Assignment >>
Nothing but the lines below between the line holding "this 1200×1600 image." and the line holding "this 1600×1600 image.", inclusive, should appear in the answer, each set down exactly.

Source material >>
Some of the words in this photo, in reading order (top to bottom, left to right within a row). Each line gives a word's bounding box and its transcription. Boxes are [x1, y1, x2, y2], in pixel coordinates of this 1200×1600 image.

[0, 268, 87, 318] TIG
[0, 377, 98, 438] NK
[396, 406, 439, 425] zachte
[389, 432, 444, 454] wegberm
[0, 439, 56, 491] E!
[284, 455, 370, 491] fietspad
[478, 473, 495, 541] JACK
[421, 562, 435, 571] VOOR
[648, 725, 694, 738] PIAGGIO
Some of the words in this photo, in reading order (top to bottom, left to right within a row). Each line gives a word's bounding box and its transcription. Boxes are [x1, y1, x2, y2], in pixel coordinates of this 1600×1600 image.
...
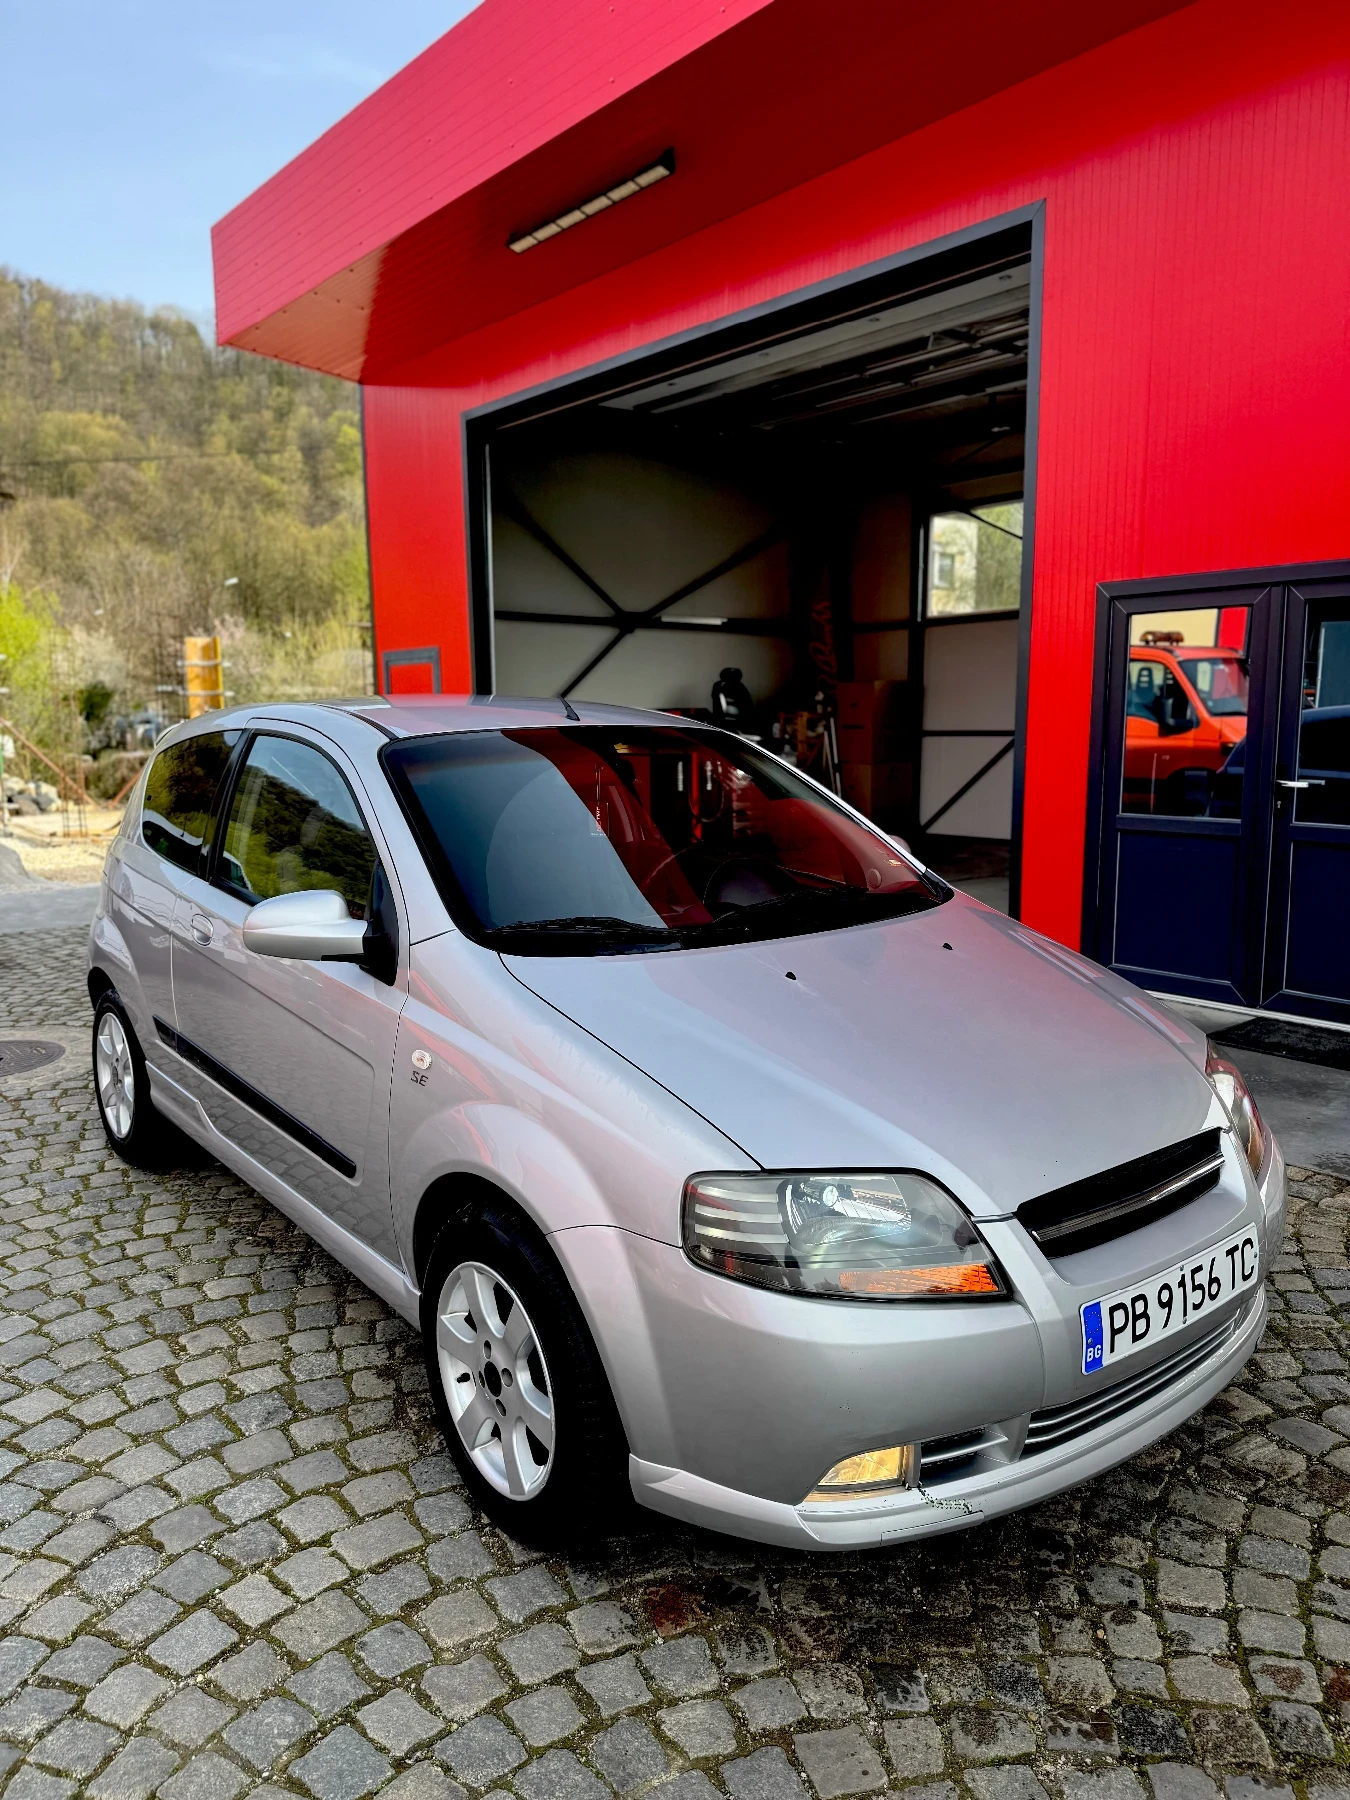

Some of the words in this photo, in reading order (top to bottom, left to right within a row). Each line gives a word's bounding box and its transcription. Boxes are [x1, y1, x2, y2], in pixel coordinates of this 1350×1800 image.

Solution to the problem >>
Some of the words in this photo, in reading order (top to bottom, left to right within a row). Each line gives a word's bounding box and its transcription. Boxes are [x1, y1, x2, y2], in pixel coordinates of this 1200×1600 image.

[0, 268, 87, 318] TIG
[0, 377, 98, 438] NK
[396, 406, 439, 425] zachte
[389, 432, 444, 454] wegberm
[0, 439, 56, 491] E!
[284, 455, 370, 491] fietspad
[478, 473, 495, 541] JACK
[421, 562, 435, 571] VOOR
[648, 725, 694, 738] PIAGGIO
Some of the words in this photo, in reading order (top to bottom, left to right within a row). Each line gives a word's bounding box and its transcription. Boxes are [x1, y1, x2, y2], in pixel coordinates of this 1600×1600 image.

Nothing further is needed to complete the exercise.